ADDIS ABABA —
The international community says it is running out of patience with the progress of the South Sudan peace negotiations. The talks between South Sudan's government and rebel forces have dragged on for nearly three months, with little progress except for an often-violated cease-fire agreement. A new round of talks are scheduled to start Thursday.
South Sudan might face consequences from the international community, if the involved parties do not take the peace negotiations more seriously.
United States special envoy to South Sudan Donald Booth issued that warning Wednesday, on behalf of Britain, Norway and the European Union. He said that greater efforts are needed from the fighting parties.

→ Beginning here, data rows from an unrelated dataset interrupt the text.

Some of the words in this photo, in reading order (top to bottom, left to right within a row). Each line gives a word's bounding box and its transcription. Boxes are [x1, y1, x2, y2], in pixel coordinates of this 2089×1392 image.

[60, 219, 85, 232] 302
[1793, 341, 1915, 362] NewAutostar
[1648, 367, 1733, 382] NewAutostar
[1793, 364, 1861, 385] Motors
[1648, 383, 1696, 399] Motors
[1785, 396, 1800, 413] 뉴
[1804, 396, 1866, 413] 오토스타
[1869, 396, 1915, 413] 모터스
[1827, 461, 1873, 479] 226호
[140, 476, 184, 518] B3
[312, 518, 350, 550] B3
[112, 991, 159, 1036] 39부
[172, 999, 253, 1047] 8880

“If the government or any other actor tried to undermine the peace process and rebuff the IGAD heads of state, they will face consequences," he said. "The people of South Sudan expect renewal, they expect their voices to be heard in forging a more sustainable peace. Business as usual is not a viable way forward.”

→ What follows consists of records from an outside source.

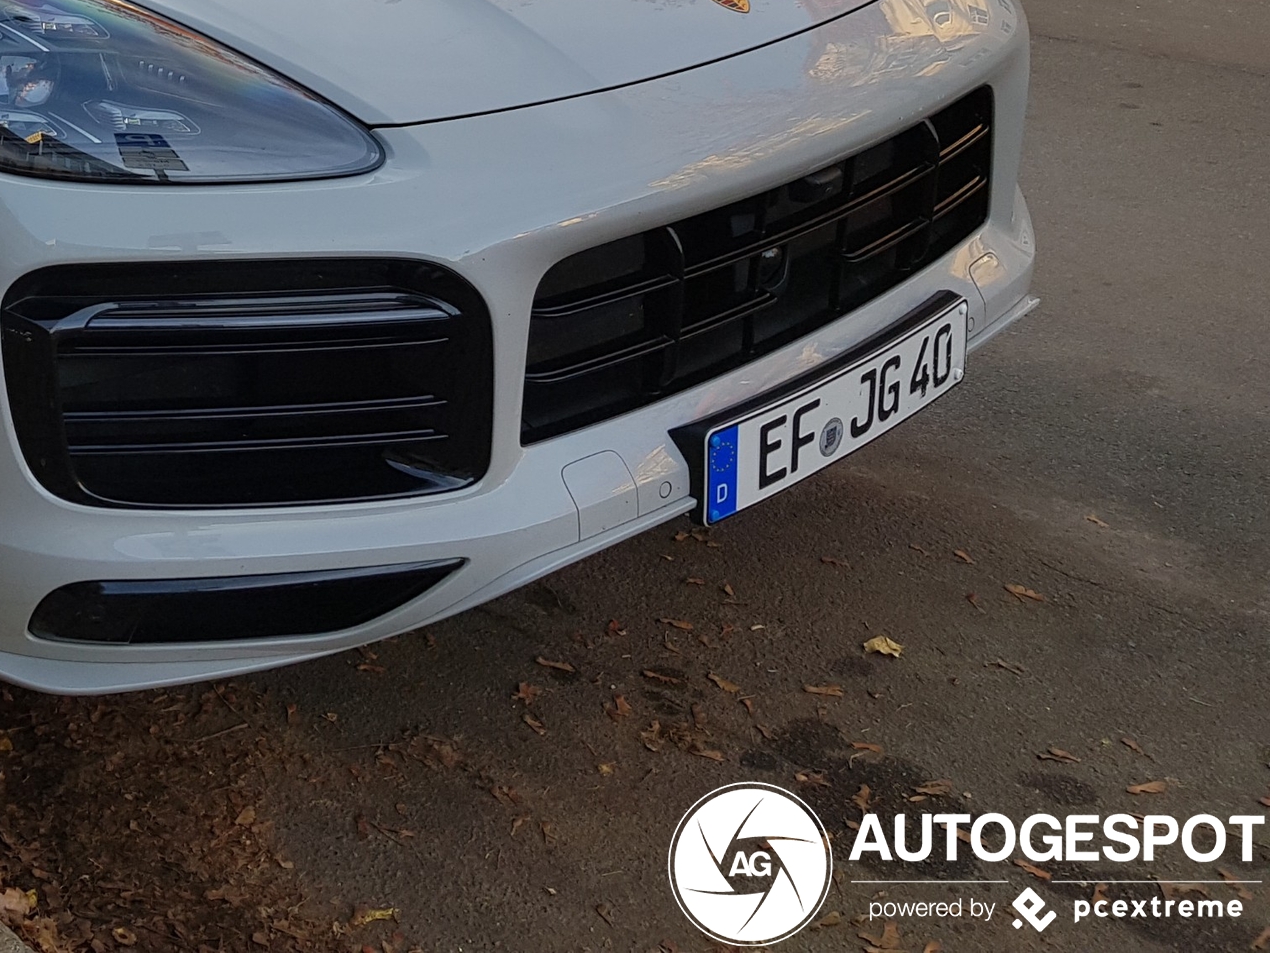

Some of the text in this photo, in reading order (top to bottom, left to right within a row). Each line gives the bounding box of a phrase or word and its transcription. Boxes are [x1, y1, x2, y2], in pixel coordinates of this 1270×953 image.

[759, 398, 821, 489] EF
[850, 355, 901, 438] JG
[910, 323, 952, 398] 40
[717, 483, 728, 503] D
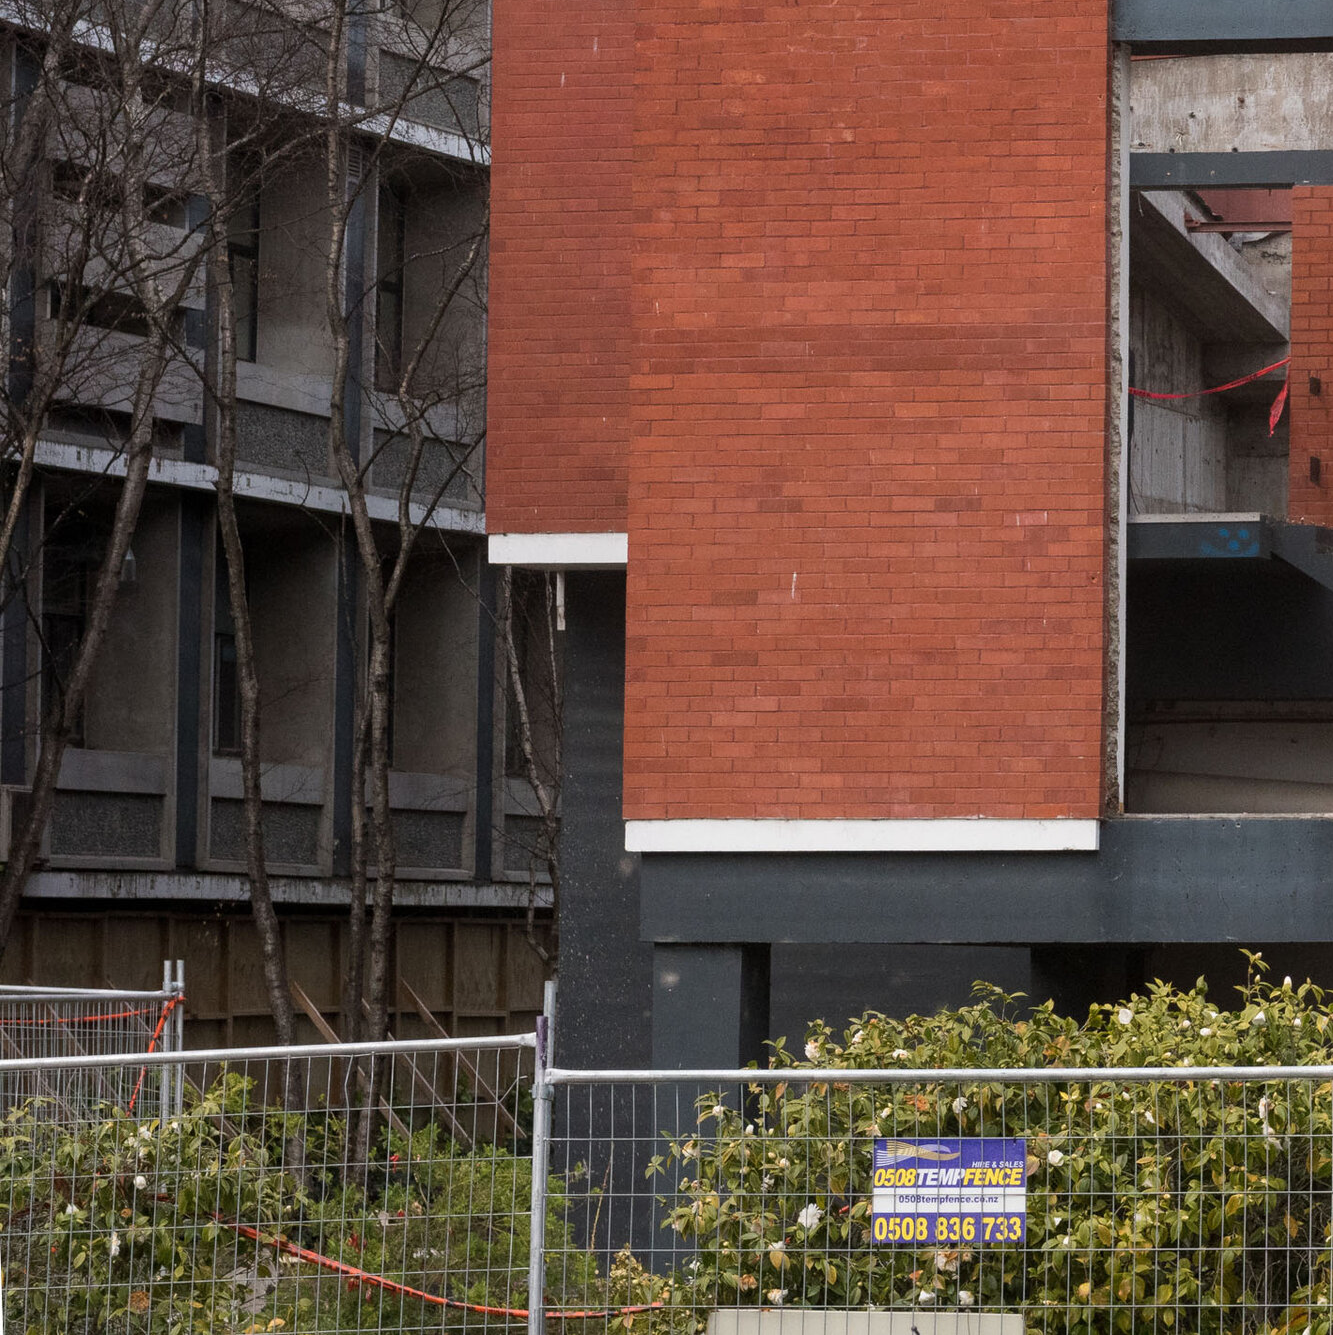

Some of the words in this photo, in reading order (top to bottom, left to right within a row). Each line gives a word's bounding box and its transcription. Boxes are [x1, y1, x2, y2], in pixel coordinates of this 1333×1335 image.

[991, 1160, 997, 1168] &
[999, 1160, 1024, 1168] SALES
[898, 1195, 999, 1204] 0508tempfence.co.nz
[874, 1217, 928, 1241] 0508
[936, 1217, 975, 1241] 836
[982, 1217, 1022, 1241] 733

Peace talks mediated by the East African bloc IGAD, are set to continue Thursday in Addis Ababa.
But South Sudan’s government said this week that it would not send a delegation to the talks, if pro-rebel political figures the government detained for several weeks are a part of the process.
The opposition side, meanwhile, has voiced concerns about the stabilization and protection force that IGAD’s member states are planning to send to South Sudan next month.
EU special envoy to the Horn of Africa Alexander Rondos warns sanctions could be placed on anyone who blocks progress toward peace.
“The European Union reiterates that it stands ready with targeted, restricted measures against individuals obstructing the political process, in support of the AU and IGAD, and IGAD efforts and in close coordination with IGAD partners," he said. "That obviously means that our system certainly is beginning to look at more, other type of measures that would be relevant for this particular situation.”
Fighting between supporters and opponents of President Salva Kiir broke out in mid-December, killing thousands in battles across the country. A ceasefire was signed in January, but the violence continues.
Hundreds of thousands of people remain displaced amid warnings South Sudan could face a famine unless farmers feel safe enough to return to their homes and plant their fields.